-- Opening Marker --
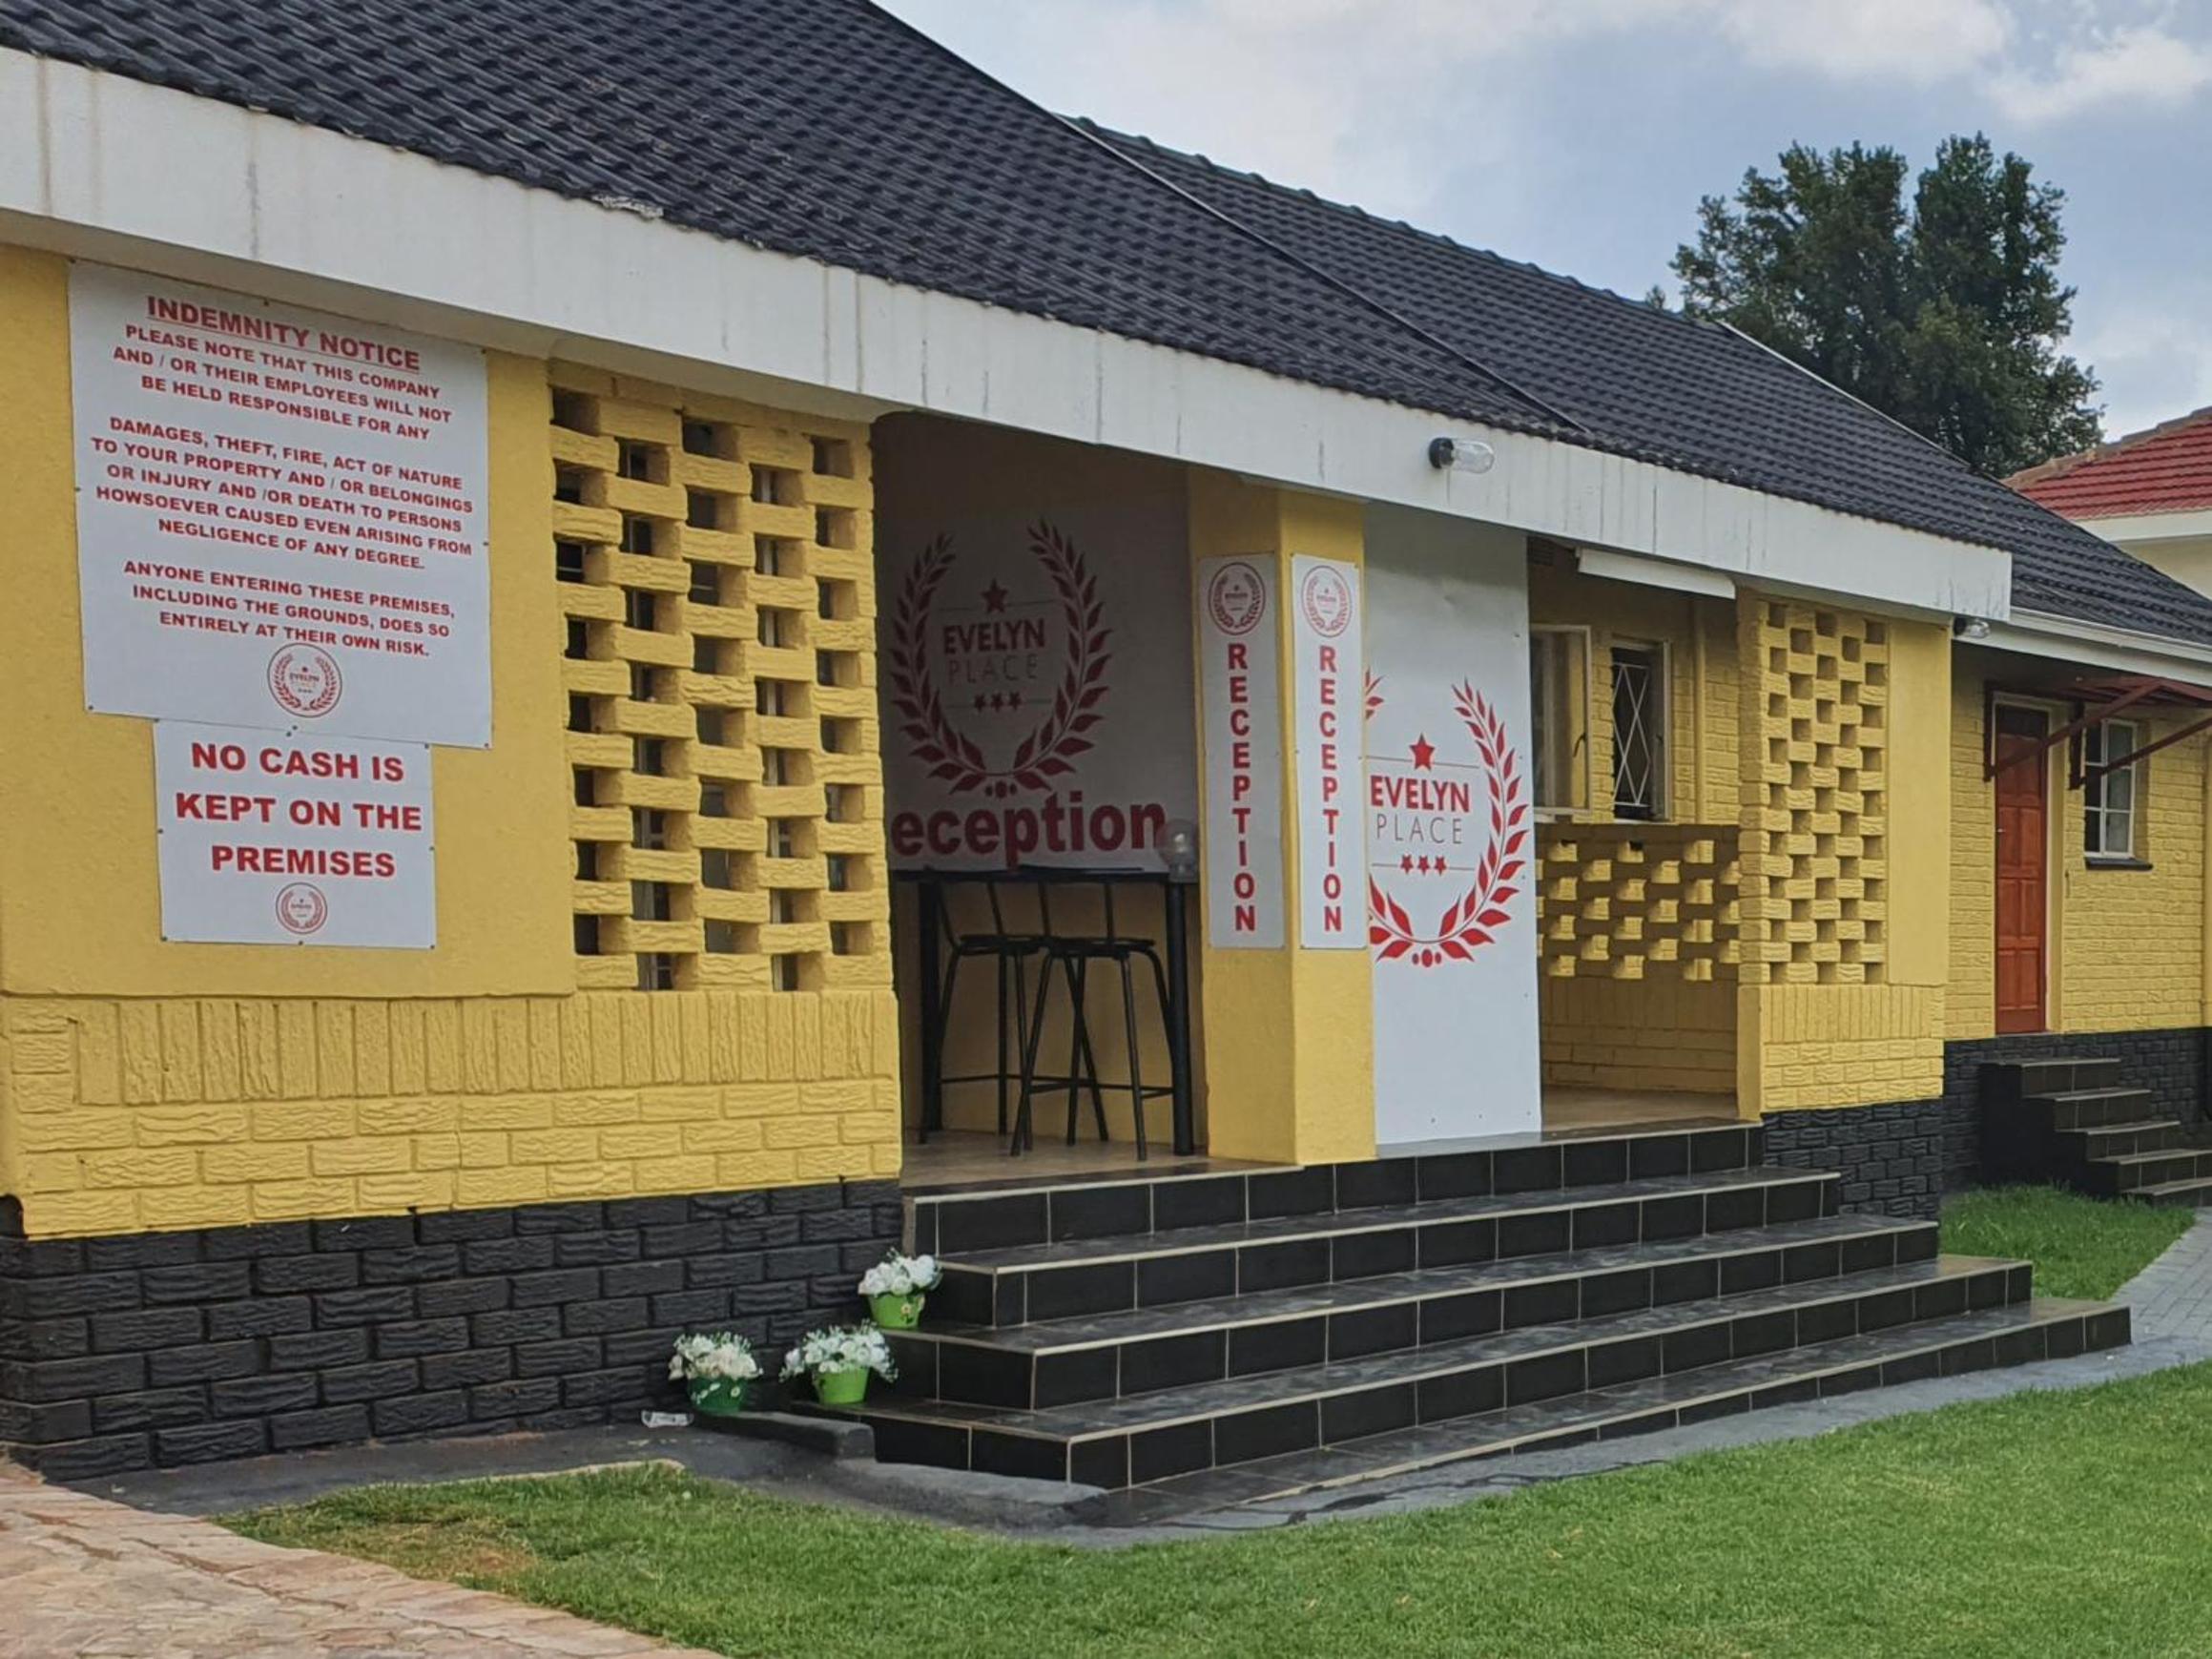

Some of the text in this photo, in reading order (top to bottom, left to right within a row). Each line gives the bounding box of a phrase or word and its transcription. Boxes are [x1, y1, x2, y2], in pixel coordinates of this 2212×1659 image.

[126, 325, 440, 399] PLEASE NOTE THAT THIS COMPANY
[147, 296, 420, 370] INDEMNITY NOTICE
[114, 346, 153, 365] AND
[171, 358, 196, 375] OR
[202, 363, 258, 385] THEIR
[265, 376, 368, 407] EMPLOYEES
[374, 397, 412, 416] WILL
[419, 406, 452, 423] NOT
[142, 376, 429, 440] BE HELD RESPONSIBLE FOR ANY
[92, 437, 117, 454] TO
[124, 443, 177, 465] YOUR
[184, 452, 281, 481] PROPERTY
[288, 470, 324, 487] AND
[341, 479, 363, 493] OR
[369, 485, 473, 513] BELONGINGS
[110, 417, 463, 489] DAMAGES, THEFT, FIRE, ACT OF NATURE
[96, 487, 472, 555] HOWSOEVER CAUSED EVEN ARISING FROM
[107, 465, 133, 480] OR
[142, 470, 210, 492] INJURY
[218, 484, 257, 500] AND
[299, 494, 355, 515] DEATH
[361, 505, 382, 519] TO
[388, 509, 462, 532] PERSONS
[158, 519, 425, 570] NEGLIGENCE OF ANY DEGREE.
[124, 561, 455, 618] ANYONE ENTERING THESE PREMISES,
[133, 585, 449, 636] INCLUDING THE GROUNDS, DOES SO
[160, 612, 429, 656] ENTIRELY AT THEIR OWN RISK.
[943, 619, 1044, 654] EVELYN
[950, 654, 1038, 684] PLACE
[192, 743, 403, 781] NO CASH IS
[1228, 643, 1255, 932] RECEPTION
[1319, 645, 1341, 932] RECEPTION
[176, 793, 422, 830] KEPT ON THE
[1371, 775, 1469, 812] EVELYN
[891, 791, 1165, 872] eception
[1377, 814, 1462, 844] PLACE
[212, 845, 395, 877] PREMISES
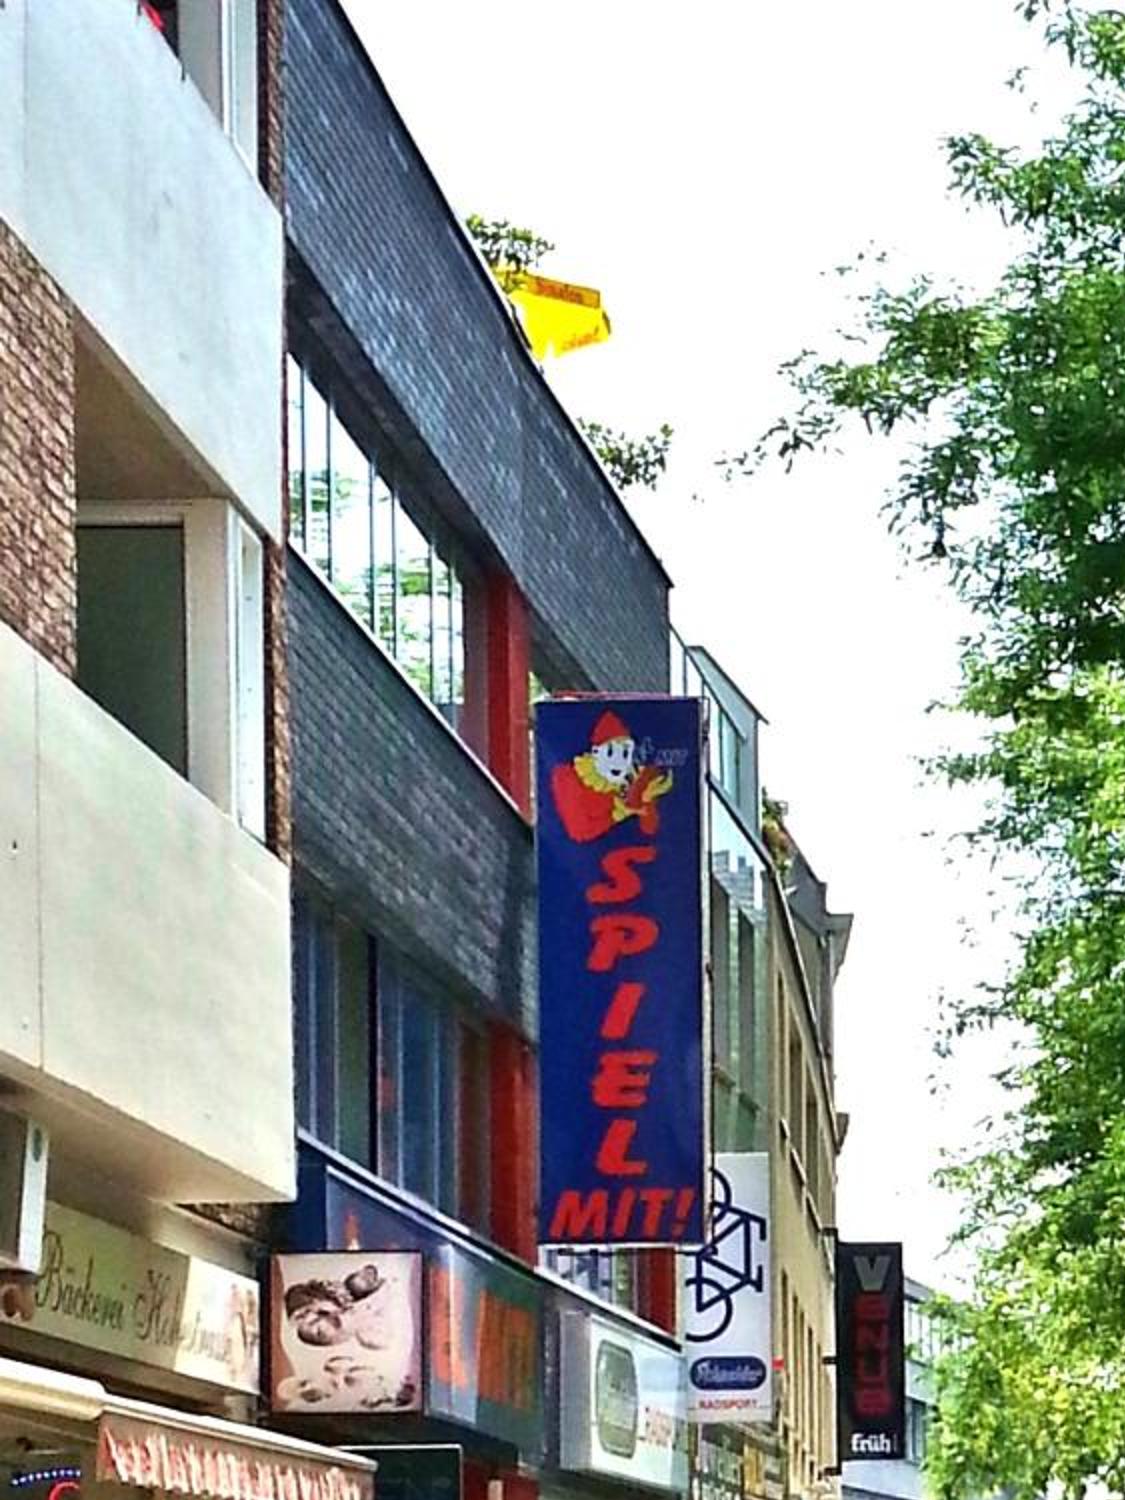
-- Closing Marker --
▶ **WHAT TO PRODUCE**
All of the listing above has to be reproduced exactly, though without its images.

▶ **REPLY**
Some of the text in this photo, in reading order (top to bottom, left to right within a row). Each line gives the bounding box of a phrase or word and its transcription. Boxes are [x1, y1, x2, y2], in pixel coordinates of this 2212×1659 image.

[126, 325, 440, 399] PLEASE NOTE THAT THIS COMPANY
[147, 296, 420, 370] INDEMNITY NOTICE
[114, 346, 153, 365] AND
[171, 358, 196, 375] OR
[202, 363, 258, 385] THEIR
[265, 376, 368, 407] EMPLOYEES
[374, 397, 412, 416] WILL
[419, 406, 452, 423] NOT
[142, 376, 429, 440] BE HELD RESPONSIBLE FOR ANY
[92, 437, 117, 454] TO
[124, 443, 177, 465] YOUR
[184, 452, 281, 481] PROPERTY
[288, 470, 324, 487] AND
[341, 479, 363, 493] OR
[369, 485, 473, 513] BELONGINGS
[110, 417, 463, 489] DAMAGES, THEFT, FIRE, ACT OF NATURE
[96, 487, 472, 555] HOWSOEVER CAUSED EVEN ARISING FROM
[107, 465, 133, 480] OR
[142, 470, 210, 492] INJURY
[218, 484, 257, 500] AND
[299, 494, 355, 515] DEATH
[361, 505, 382, 519] TO
[388, 509, 462, 532] PERSONS
[158, 519, 425, 570] NEGLIGENCE OF ANY DEGREE.
[124, 561, 455, 618] ANYONE ENTERING THESE PREMISES,
[133, 585, 449, 636] INCLUDING THE GROUNDS, DOES SO
[160, 612, 429, 656] ENTIRELY AT THEIR OWN RISK.
[943, 619, 1044, 654] EVELYN
[950, 654, 1038, 684] PLACE
[192, 743, 403, 781] NO CASH IS
[1228, 643, 1255, 932] RECEPTION
[1319, 645, 1341, 932] RECEPTION
[176, 793, 422, 830] KEPT ON THE
[1371, 775, 1469, 812] EVELYN
[891, 791, 1165, 872] eception
[1377, 814, 1462, 844] PLACE
[212, 845, 395, 877] PREMISES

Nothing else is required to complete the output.